This freeware demonstrates an artificial chemistry. Each circle is an atom, that floats around and can become bonded to others to form a molecule.
In real chemistry, the bonding rules are written like this 6*(CO2) + 6*(H2O) + light => C6H12O6 + 6*(O2), where carbon dioxide and water (six of each) react (in the presence of light) to form glucose and oxygen. This is the reaction that plants use to photosynthesise.
In an artificial chemistry we use simpler rules, like this one a0 + b0 => a1b2, rather than use the atomic types seen in nature (hydrogen, oxygen, etc.), we use arbitrary letters: 'a', 'b', 'c', 'd', 'e' and 'f'.
And rather than have complicated rules for determining which molecules will react, based on charge, valency and shape, we use the state number (0, 1, 2, ...) to decide if the reactants match. For example, in the reaction above, two atoms a0 and b0 will become bonded, and the 'a' atom will take on state 1 and the 'b' atom state 2. They could each be bonded to different atoms at the time, that doesn't matter. The types of the atoms can't change (like in real chemistry), just their states.

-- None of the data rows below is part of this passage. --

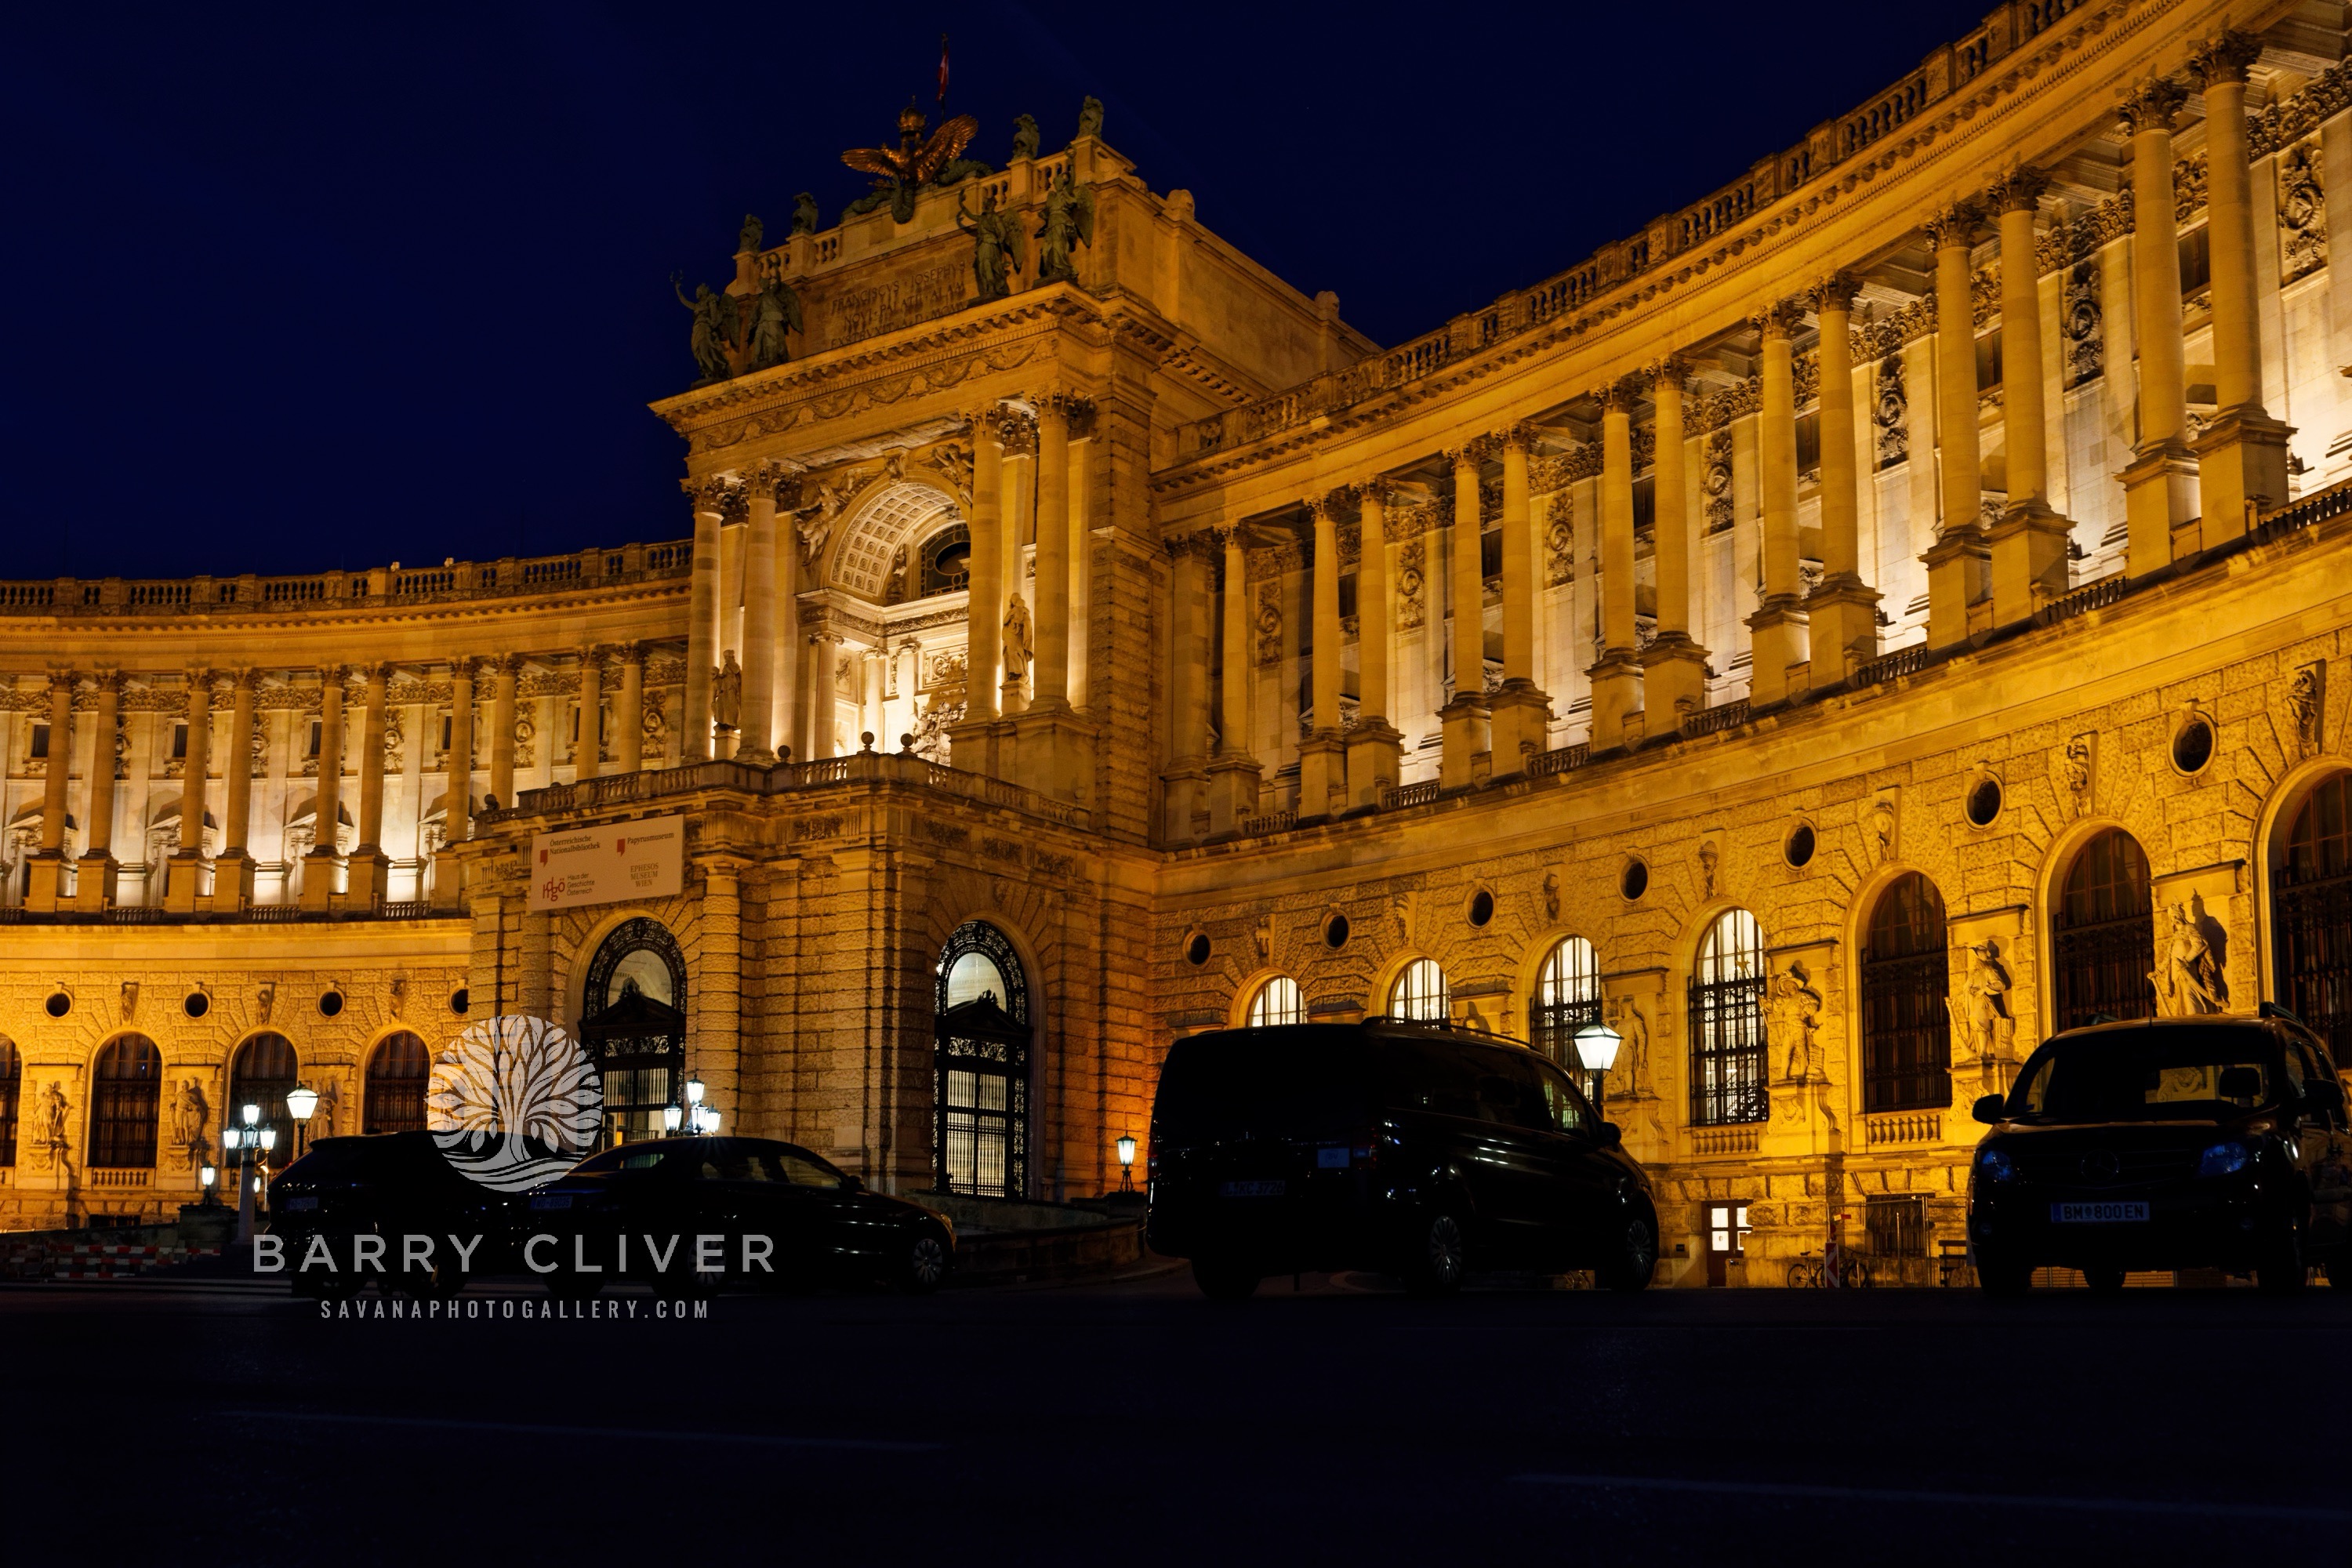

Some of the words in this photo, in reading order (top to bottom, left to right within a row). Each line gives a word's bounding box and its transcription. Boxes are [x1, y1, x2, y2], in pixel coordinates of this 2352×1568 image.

[550, 835, 592, 847] Österreichische
[627, 833, 674, 845] Papyrusmuseum
[550, 842, 601, 855] Nationalbibliothek
[630, 862, 659, 873] EPHESOS
[630, 871, 658, 880] MUSEUM
[1256, 1182, 1283, 1194] 3726
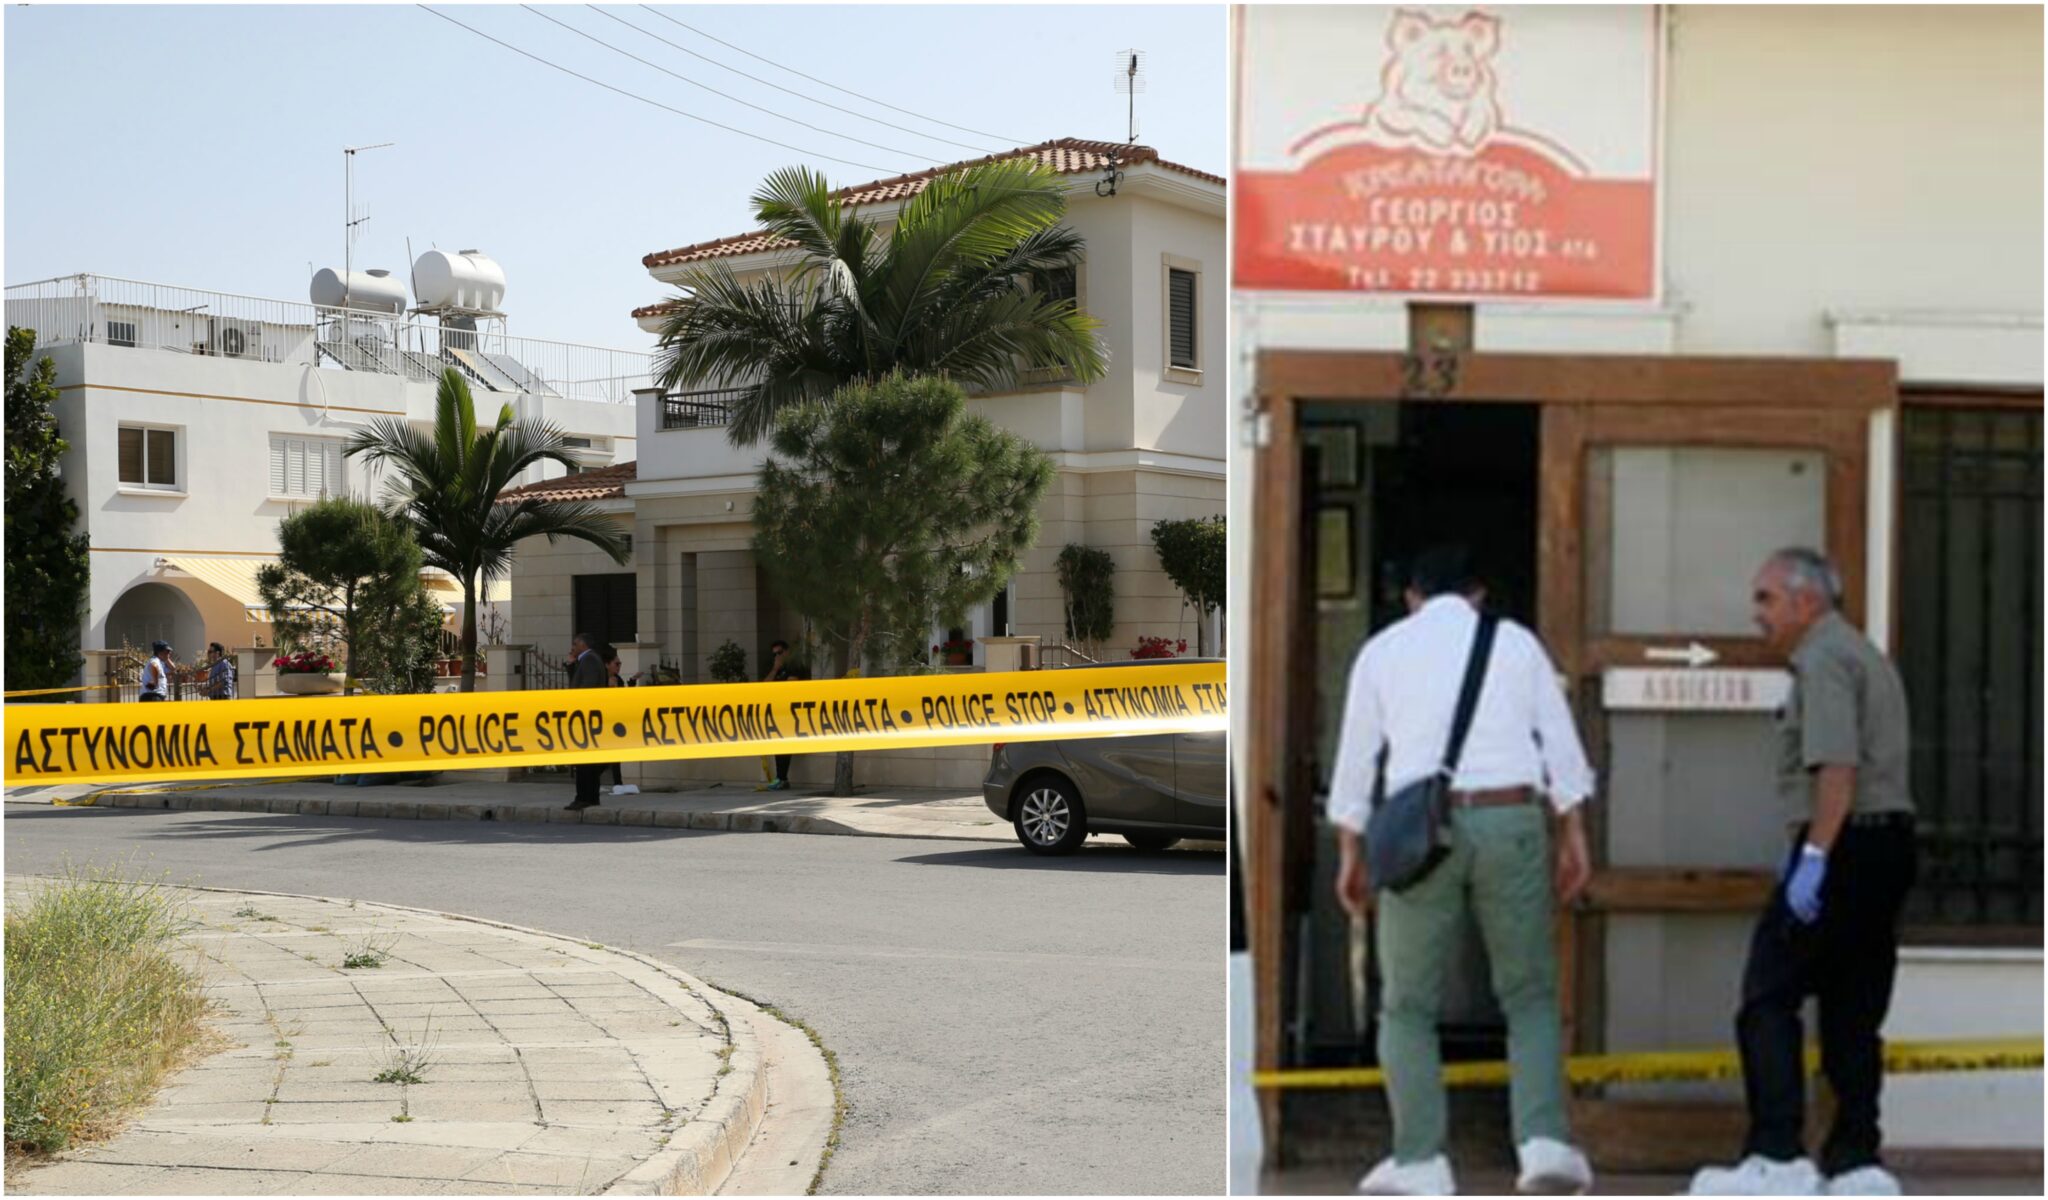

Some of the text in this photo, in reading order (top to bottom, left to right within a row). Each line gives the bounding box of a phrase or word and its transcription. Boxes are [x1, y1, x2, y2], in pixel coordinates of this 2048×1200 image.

And rather than worry about energy considerations, we assume that if a reaction rule is present then it is energetically favourable. All of these changes leave you with a very simple system but one in which you can still do some very interesting things. If you have come across cellular automata (wikipedia link) then the system will be somewhat familiar.
The reason for using a strange abstraction of chemistry like this is that you can do some really cool things in a simple system. This freeware takes you through some of the possibilities.
Perhaps the coolest thing you can do is template replication - the process DNA uses to make copies of itself. If you choose the right rules you can actually get this working - follow through the challenges to find out how.
The reason for using a spatial system, with atoms bouncing off each other, is that you can then do things like make a membrane out of atoms, and use it to make compartments in the space. Again, some of the challenges explore this idea.